Source records =>
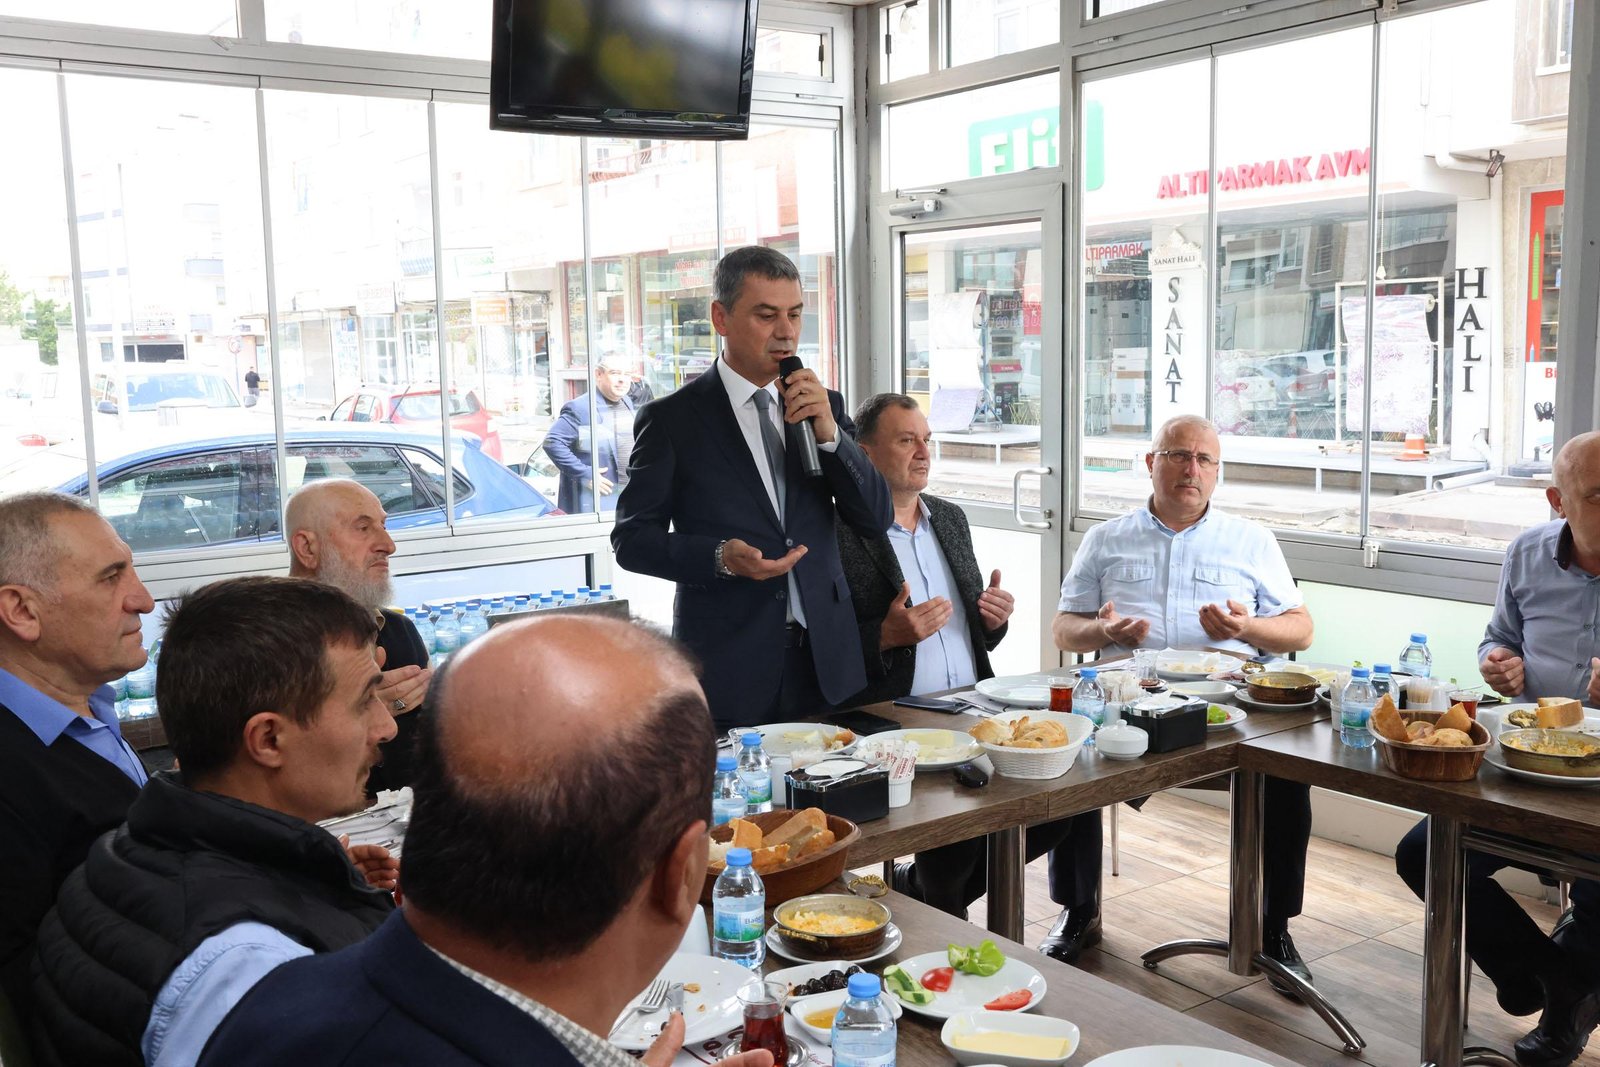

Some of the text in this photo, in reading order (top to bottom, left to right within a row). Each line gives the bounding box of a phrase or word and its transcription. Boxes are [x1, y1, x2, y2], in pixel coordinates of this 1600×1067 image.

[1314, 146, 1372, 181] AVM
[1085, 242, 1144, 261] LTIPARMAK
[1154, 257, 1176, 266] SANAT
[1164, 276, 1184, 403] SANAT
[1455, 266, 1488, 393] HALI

EXERCISE DESCRIPTION => Exclude the pictures and transcribe all of the entries exactly.

RESULT FOR THIS EXERCISE =>
Some of the text in this photo, in reading order (top to bottom, left to right within a row). Each line gives the bounding box of a phrase or word and its transcription. Boxes are [x1, y1, x2, y2], in pixel coordinates of this 1600×1067 image.

[1314, 146, 1372, 181] AVM
[1085, 242, 1144, 261] LTIPARMAK
[1154, 257, 1176, 266] SANAT
[1164, 276, 1184, 403] SANAT
[1455, 266, 1488, 393] HALI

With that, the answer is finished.